Pour de nombreux membres de la communauté, cette pause représente quelque chose de profondément personnel. « Mon grand-père piégeait et chassait dans ces montagnes, » explique Jason Dennis, membre du conseil des jeunes Tahltan. « Mais mes enfants méritent plus que des histoires sur ce qui existait autrefois. Ils méritent de faire l’expérience de ces terres comme elles ont toujours été. »
Les groupes de conservation ont applaudi cette décision, notant que les territoires concernés comprennent des habitats essentiels pour les troupeaux de caribous menacés et des bassins versants intacts qui soutiennent cinq espèces de saumon sauvage. Mark Worthing, porte-parole de Sierra Club BC, a qualifié cette pause de « rare opportunité d’évaluer correctement les impacts cumulatifs avant que des dommages irréversibles ne se produisent. »
Alors que le compte à rebours de deux ans commence, toutes les parties reconnaissent qu’un travail considérable les attend. Le gouvernement provincial s’est engagé à financer une planification complète de l’utilisation des terres qui cartographiera les zones culturellement importantes et les sensibilités environnementales avant que de nouveaux permis d’extraction ne soient envisagés.

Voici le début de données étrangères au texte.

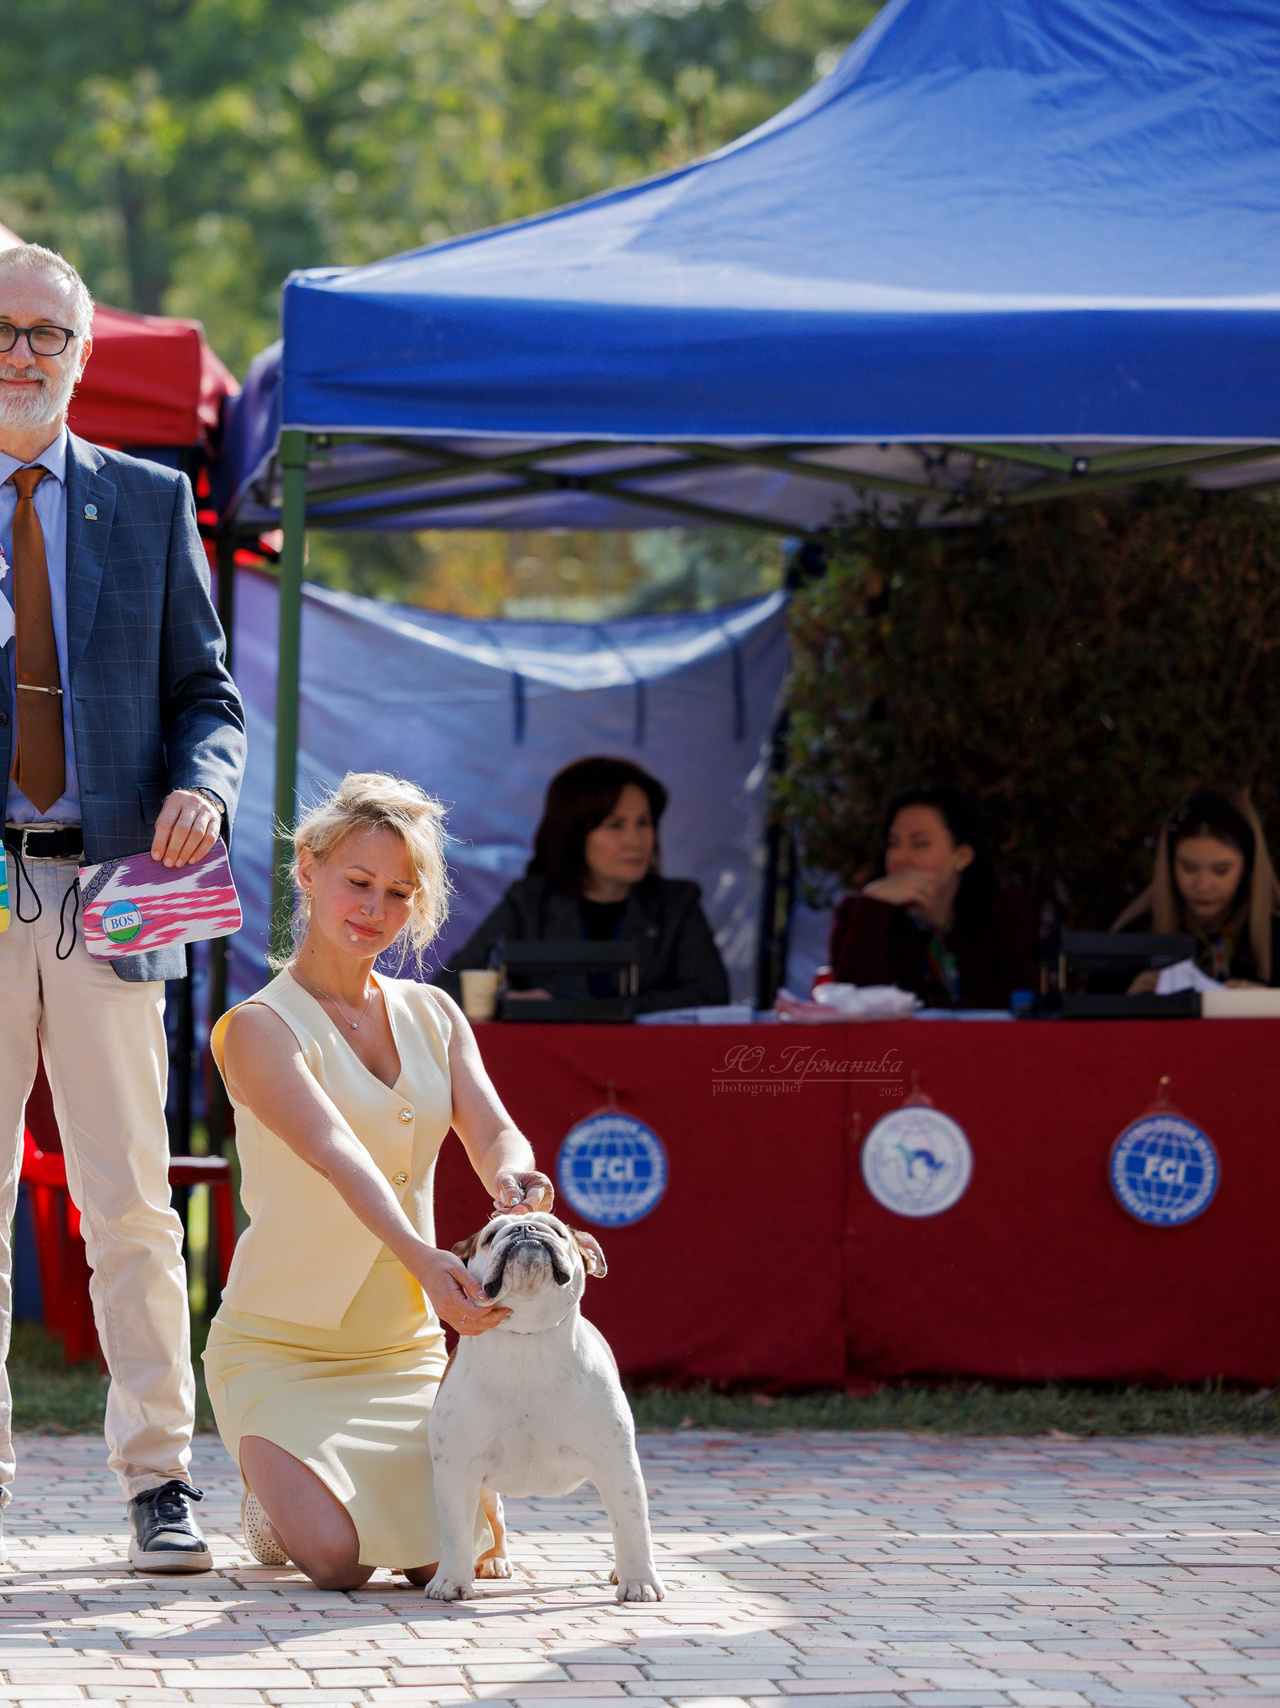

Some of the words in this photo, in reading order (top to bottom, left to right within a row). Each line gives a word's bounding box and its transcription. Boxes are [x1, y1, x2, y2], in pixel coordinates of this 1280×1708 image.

[110, 914, 134, 929] BOS
[591, 1156, 634, 1182] FCI
[1143, 1155, 1187, 1185] FCI

Reste à voir si cette pause représente un ralentissement temporaire ou une restructuration fondamentale des relations de développement des ressources en Colombie-Britannique. Ce qui est clair, c’est que les Premières Nations réussissent de plus en plus à faire valoir leurs droits à une participation significative aux décisions concernant leurs territoires ancestraux, remodelant ainsi l’économie des ressources du Canada.